The advent of Large Language Models (LLMs) has opened new frontiers in automated algorithm design, giving rise to numerous powerful methods. However, these approaches retain critical limitations: they require extensive evaluation of the target problem to guide the search process, making them impractical for real-world optimization tasks, where each evaluation consumes substantial computational resources. This research proposes an innovative and efficient framework that decouples algorithm discovery from high-cost evaluation. Our core innovation lies in combining a Genetic Programming (GP) function generator with an LLM-driven evolutionary algorithm designer. The evolutionary direction of the GP-based function generator is guided by the similarity between the landscape characteristics of generated proxy functions and those of real-world problems, ensuring that algorithms discovered via proxy functions exhibit comparable performance on real-world problems. Our method enables deep exploration of the algorithmic space before final validation while avoiding costly real-world evaluations. We validated the framework's efficacy across multiple real-world problems, demonstrating its ability to discover high-performance algorithms while substantially reducing expensive evaluations. This approach shows a path to apply LLM-based automated algorithm design to computationally intensive real-world optimization challenges.

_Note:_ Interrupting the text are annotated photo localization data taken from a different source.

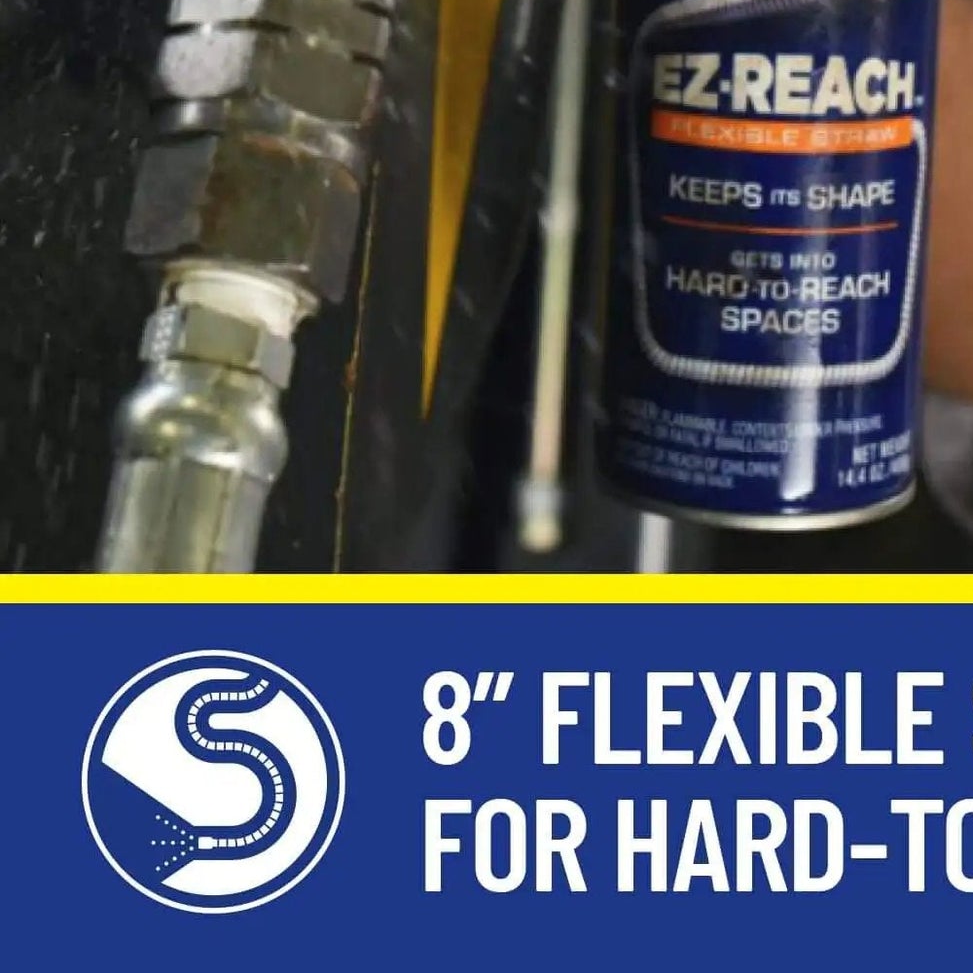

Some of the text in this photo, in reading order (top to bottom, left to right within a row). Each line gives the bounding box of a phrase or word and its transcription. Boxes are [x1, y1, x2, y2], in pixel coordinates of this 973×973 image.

[653, 52, 915, 115] EZ-REACH
[671, 120, 897, 146] FLEXIBLE STRAW
[669, 174, 895, 210] KEEPS ITS SHAPE
[730, 250, 835, 271] GETS INTO
[665, 265, 891, 302] HARD-TO-REACH
[720, 305, 841, 335] SPACES
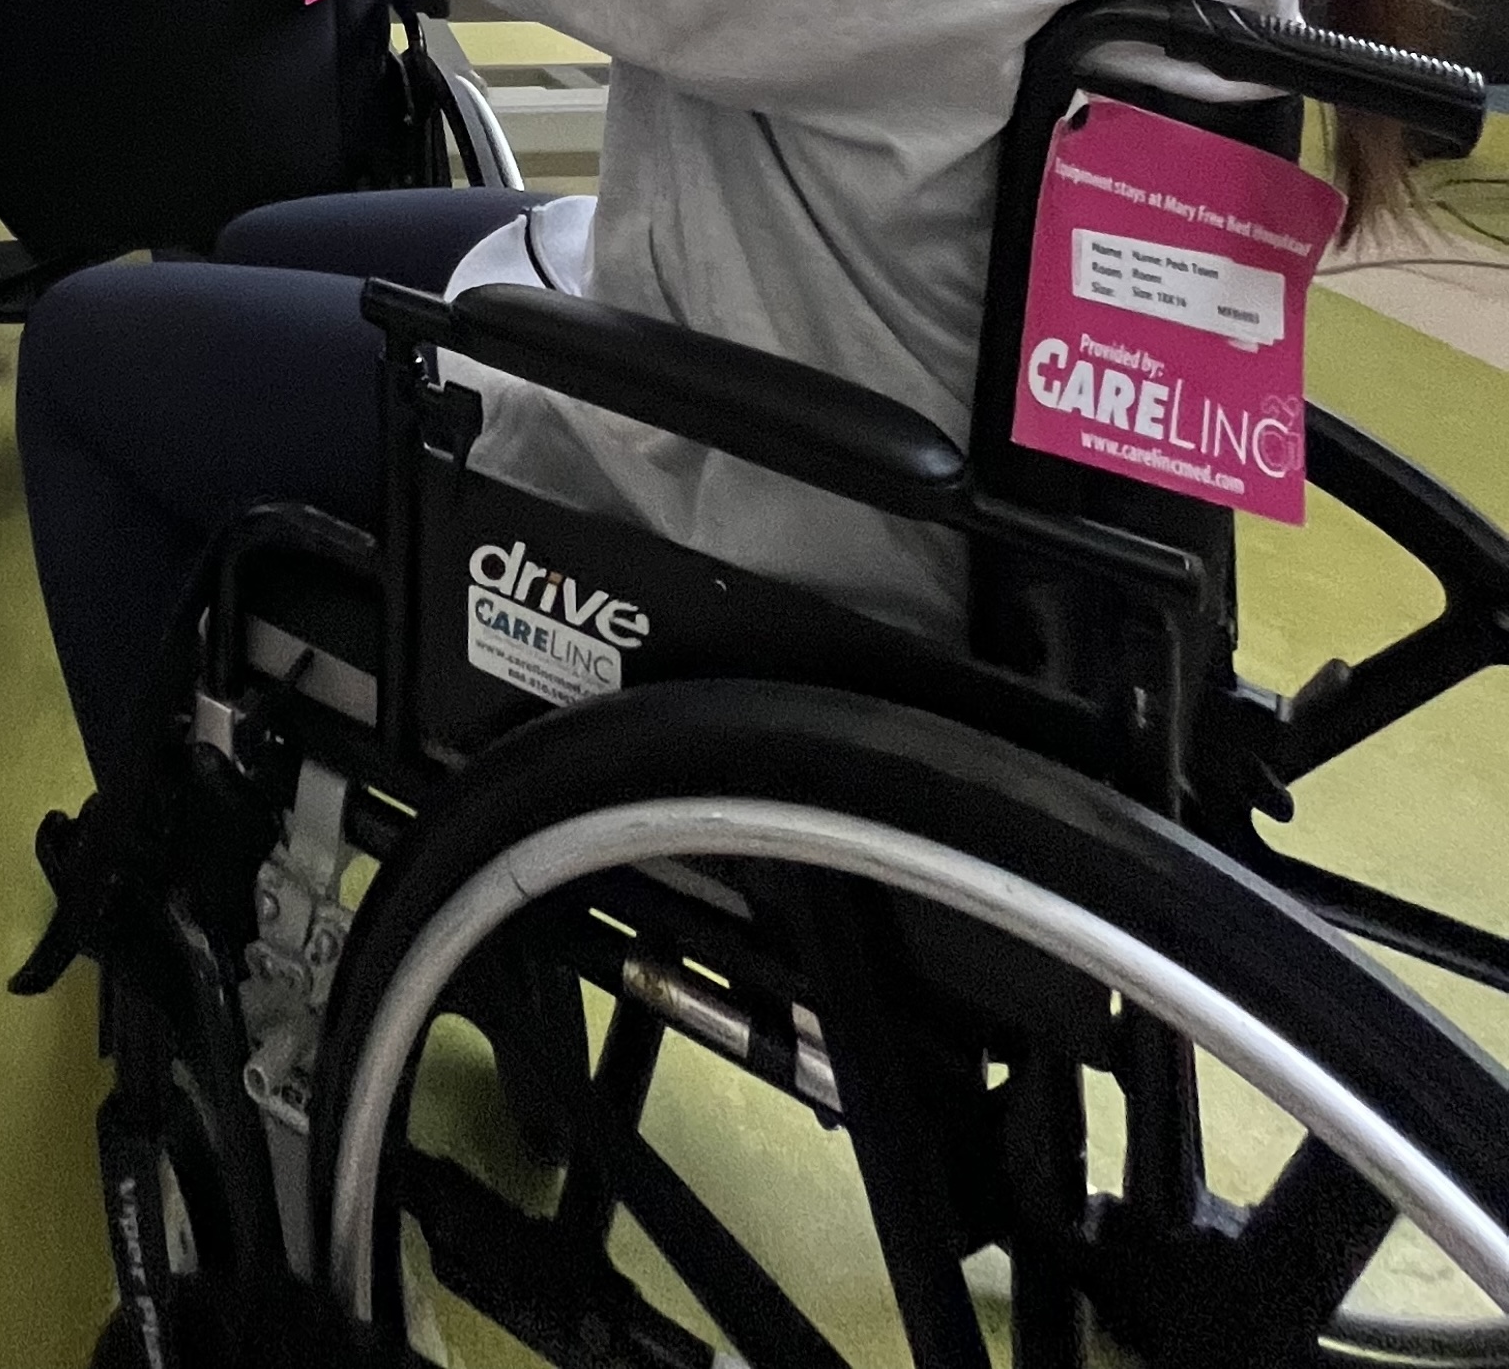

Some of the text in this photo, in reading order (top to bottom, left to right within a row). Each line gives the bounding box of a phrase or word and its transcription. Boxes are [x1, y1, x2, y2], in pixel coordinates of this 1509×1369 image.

翻译：大型语言模型（LLM）的出现为自动化算法设计开辟了新前沿，催生了众多强大方法。然而，这些方法仍存在关键局限：它们需要对目标问题进行大量评估以指导搜索过程，这在现实世界优化任务中并不实用，因为每次评估都会消耗大量计算资源。本研究提出了一种创新且高效的框架，将算法发现与高成本评估解耦。我们的核心创新在于将遗传规划（GP）函数生成器与LLM驱动的进化算法设计器相结合。基于GP的函数生成器的进化方向由生成代理函数的特征景观与现实问题特征景观之间的相似性引导，确保通过代理函数发现的算法在现实问题上表现出可比的性能。我们的方法能够在最终验证前深入探索算法空间，同时避免昂贵的现实世界评估。我们在多个现实问题上验证了该框架的有效性，证明了其发现高性能算法的能力，同时显著减少了昂贵的评估次数。这一方法为将基于LLM的自动化算法设计应用于计算密集的现实世界优化挑战指明了路径。